Along with one-on-one consultancy and coaching, Carrocci organises a speaker series with industry leaders aimed at women. It is networking without the high price tag and without the corporate lunch culture.
The series is held in a boardroom hosted by a company that supports women’s progress, diversity and flexibility, such as KPMG, and the costs are kept to a minimum to make them accessible.
She chose after-work hours for her seminars because they can be quick and avoid a late night.
“Men do it well with the corporate lunch and opportunities to network through events,” she says. “Women are often doing great work but not necessarily getting the most out of their lunch if they go, and they can often be male-dominated.
“With a lot of women, the conversation I have is, ‘I don’t have time for that, I need to be at my desk doing my brilliant work.’ ”
There are dozens of professional networking women’s groups including Women in Business, Chief Executive Women and the Little Black Dress Group, but very few that are male only — and if there were, there no doubt would be people crying sexism.
Sydney-based Man Business set up last year and held a networking event featuring craft beers. The group was ridiculed on the Mamamia website.
One gender commentator, who does not want to be named, argues reverse sexism is alive and well. “Why is it that women can have women-only networking groups but men can’t?” she says.
Perhaps there are questions about whether men need business networking groups when most lunchtime corporate functions are already male-dominated, but the commentator agrees women often need a leg-up and should support each other given they are the minority in boardrooms and at management level.
The largest women’s networking group nationally, Business Chicks, has events including conferences, breakfasts, lunches and evening talks in every state. The organisation has 35,000 members and publishes a magazine for women at work. While it is women-only, it features male guest speakers.
One of the longest standing groups, Women’s Network Australia, has been operating for 25 years and hosts expos, online services and lunch events. WNA says there are 660,280 women running and operating businesses across Australia, with 81 per cent of those working from home while half are mothers.
Many organisations offer mentoring, whether it be the Australian Human Resources Institute, the Australian Institute of Management or other groups, and are not restricted to women. Everyone needs career advice at some stage, but women often need encouragement to ask tough questions about salary, flexibility and climbing the ladder.
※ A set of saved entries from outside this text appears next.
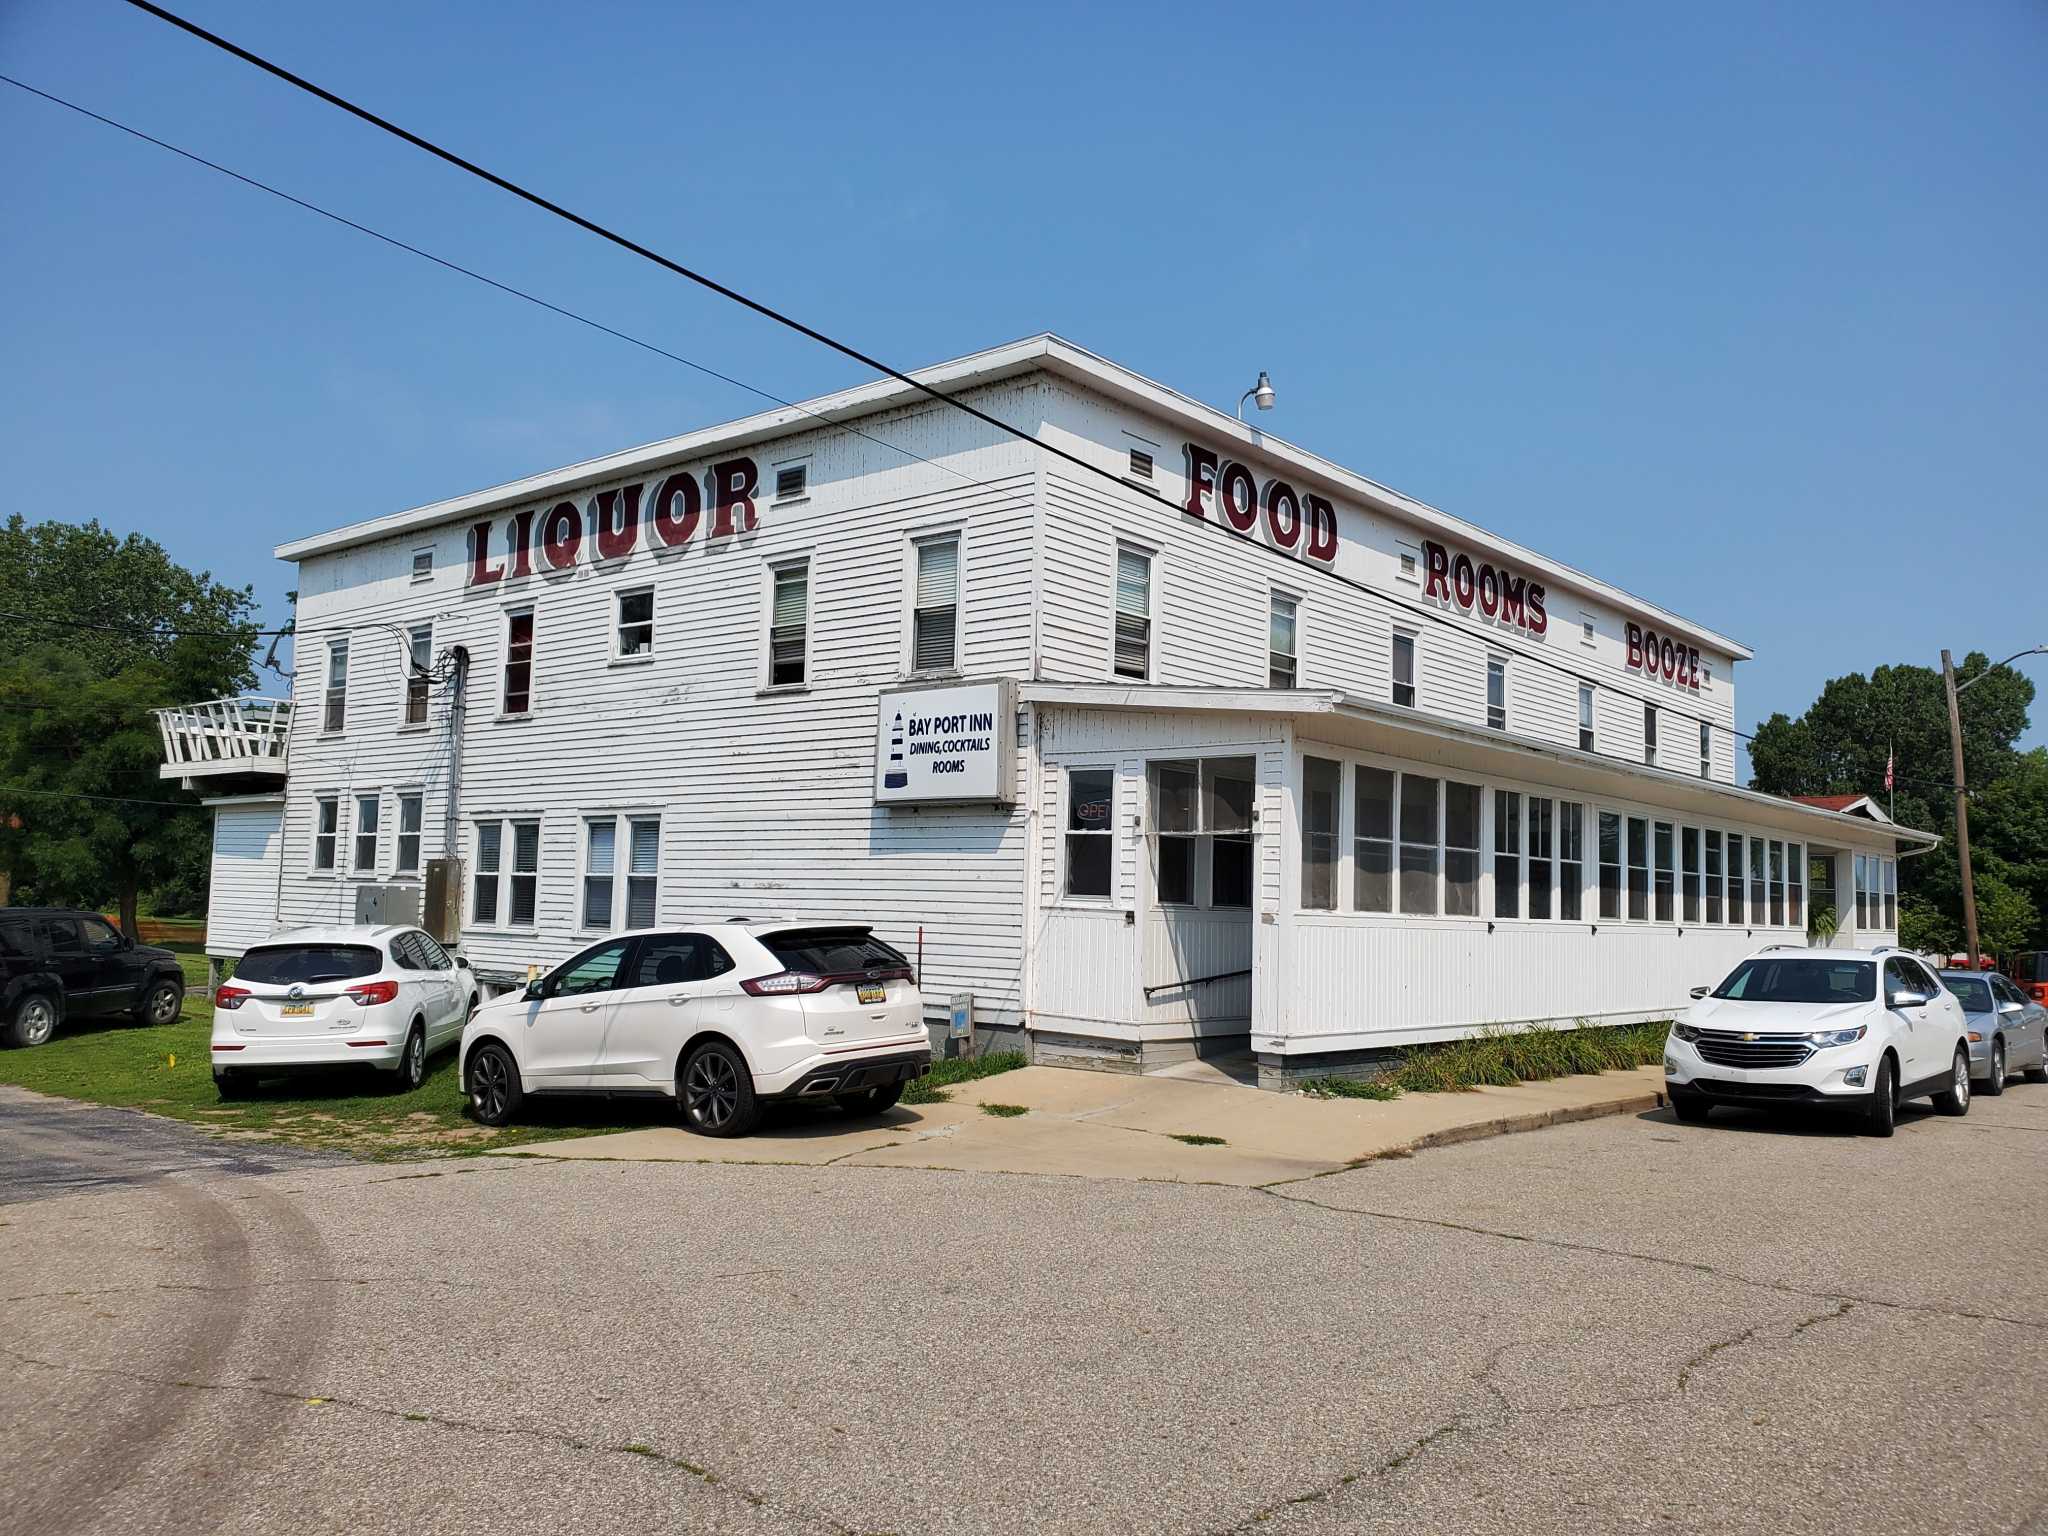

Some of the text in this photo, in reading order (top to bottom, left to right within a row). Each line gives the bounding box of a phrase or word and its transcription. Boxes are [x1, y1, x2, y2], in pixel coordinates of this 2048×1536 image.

[467, 457, 760, 592] LIQUOR
[1182, 442, 1338, 565] FOOD
[1422, 539, 1548, 640] ROOMS
[1625, 622, 1700, 694] BOOZE
[908, 713, 993, 736] BAY PORT INN
[932, 760, 965, 773] ROOMS
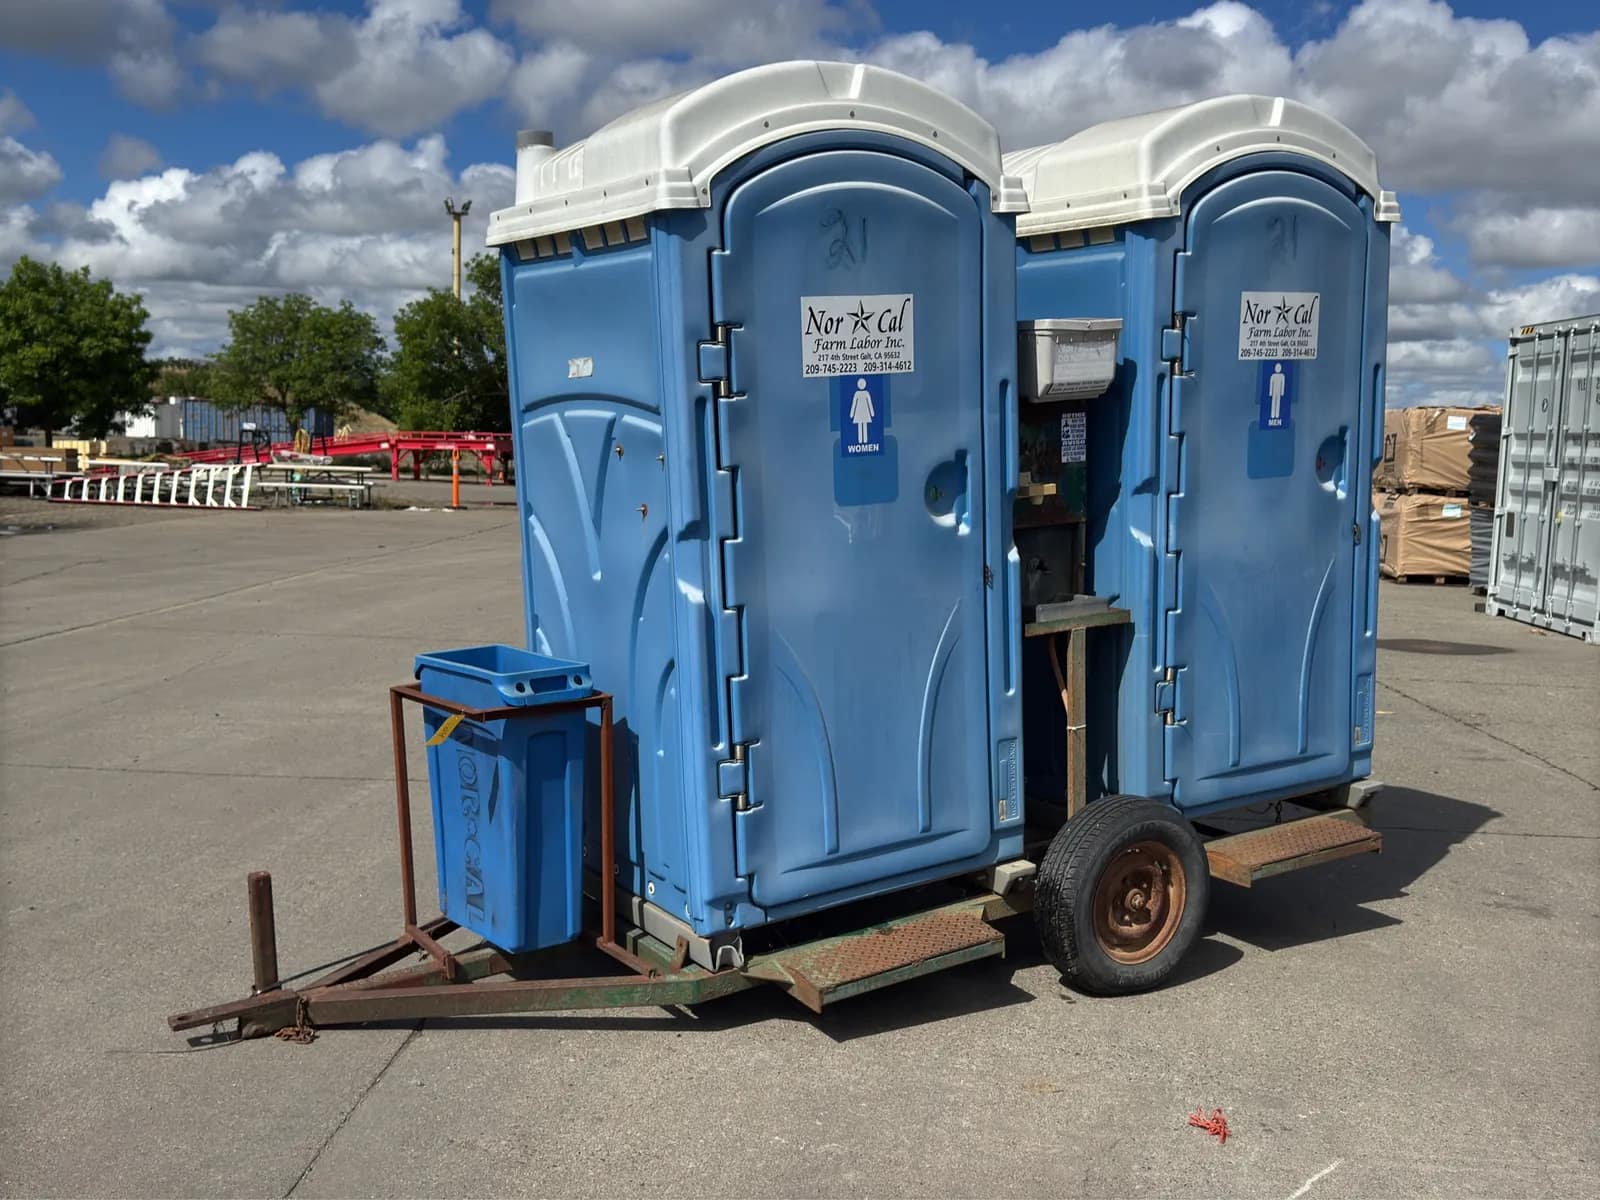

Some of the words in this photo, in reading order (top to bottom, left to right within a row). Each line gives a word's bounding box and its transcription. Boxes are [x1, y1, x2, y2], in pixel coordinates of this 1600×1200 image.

[805, 306, 844, 336] Nor
[877, 298, 911, 333] Cal
[1243, 299, 1271, 325] Nor
[1294, 295, 1319, 324] Cal
[1247, 326, 1271, 339] Farm
[1273, 325, 1297, 338] Labor
[1298, 327, 1312, 338] Inc.
[813, 338, 847, 353] Farm
[850, 335, 882, 350] Labor
[885, 336, 905, 349] Inc.
[830, 353, 840, 361] 4th
[842, 353, 859, 361] Street
[884, 351, 901, 359] 95632
[805, 363, 857, 374] 209-745-2223
[863, 361, 912, 372] 209-314-4612
[847, 443, 880, 453] WOMEN
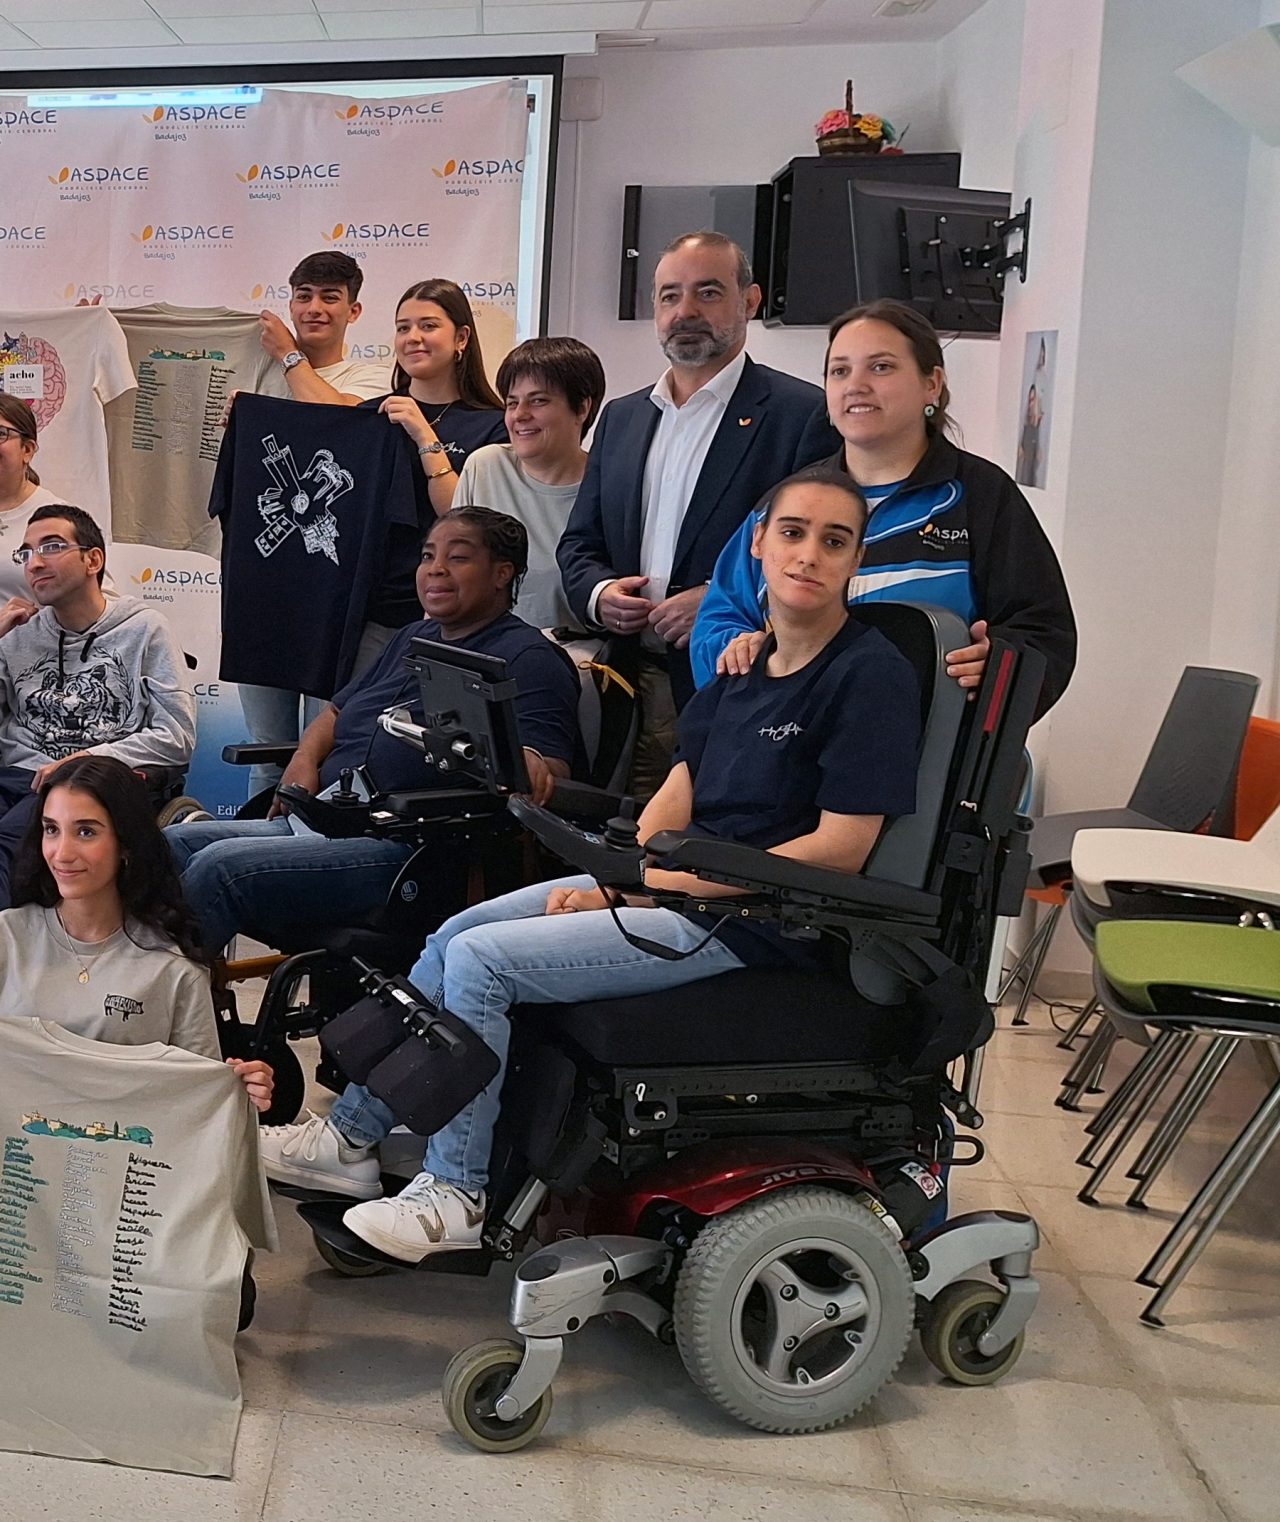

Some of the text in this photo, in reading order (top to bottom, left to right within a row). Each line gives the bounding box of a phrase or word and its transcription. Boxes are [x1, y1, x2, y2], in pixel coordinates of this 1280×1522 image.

Carrocci mentors, and has been hosting monthly lunches with a group of women with whom she networks — without high costs, at a casual venue, and there is no need to book a ticket. It is small scale, low pressure and social. She also runs what she calls a hybrid recruitment business that connects professional women who need flexibility with companies that value diversity and pathways to career development, while allowing people to work the hours that suit.